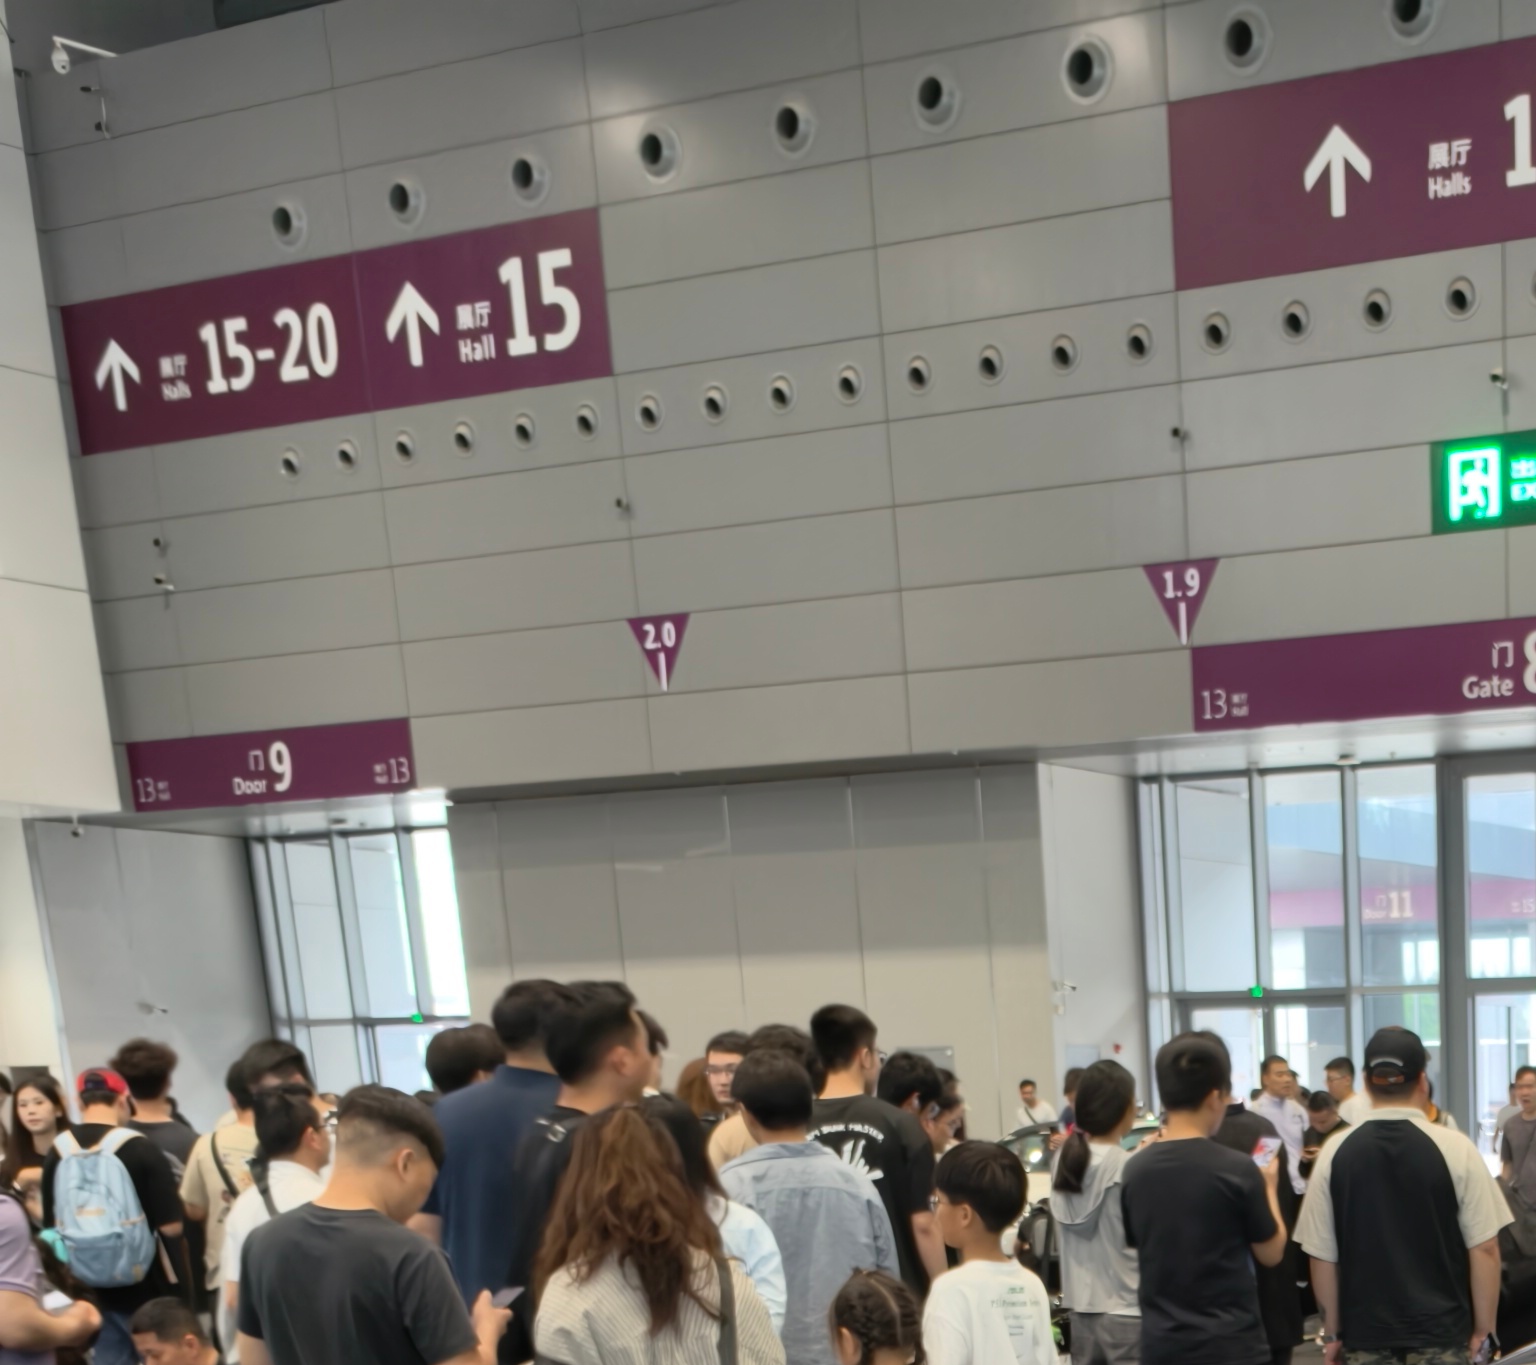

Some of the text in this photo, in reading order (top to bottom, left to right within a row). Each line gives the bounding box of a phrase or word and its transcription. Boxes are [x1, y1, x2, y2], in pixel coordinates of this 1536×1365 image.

[1428, 139, 1471, 170] 展厅
[1428, 172, 1471, 199] Halls
[499, 248, 582, 357] 15
[199, 302, 338, 394] 15-20
[459, 334, 495, 363] Hall
[1162, 567, 1200, 599] 1.9
[642, 621, 677, 650] 2.0
[1492, 641, 1514, 669] 门
[1462, 675, 1515, 699] Gate
[1201, 689, 1228, 719] 13
[268, 741, 293, 792] 9
[389, 757, 411, 784] 13
[136, 778, 157, 803] 13
[232, 776, 268, 796] Door

■ ■ ■ ■

• **WHAT TO PRODUCE**:
With the images omitted, retype the records above exactly.

• **YOUR RESPONSE**:
Some of the text in this photo, in reading order (top to bottom, left to right within a row). Each line gives the bounding box of a phrase or word and its transcription. Boxes are [x1, y1, x2, y2], in pixel coordinates of this 1536×1365 image.

[1428, 139, 1471, 170] 展厅
[1428, 172, 1471, 199] Halls
[499, 248, 582, 357] 15
[199, 302, 338, 394] 15-20
[459, 334, 495, 363] Hall
[1162, 567, 1200, 599] 1.9
[642, 621, 677, 650] 2.0
[1492, 641, 1514, 669] 门
[1462, 675, 1515, 699] Gate
[1201, 689, 1228, 719] 13
[268, 741, 293, 792] 9
[389, 757, 411, 784] 13
[136, 778, 157, 803] 13
[232, 776, 268, 796] Door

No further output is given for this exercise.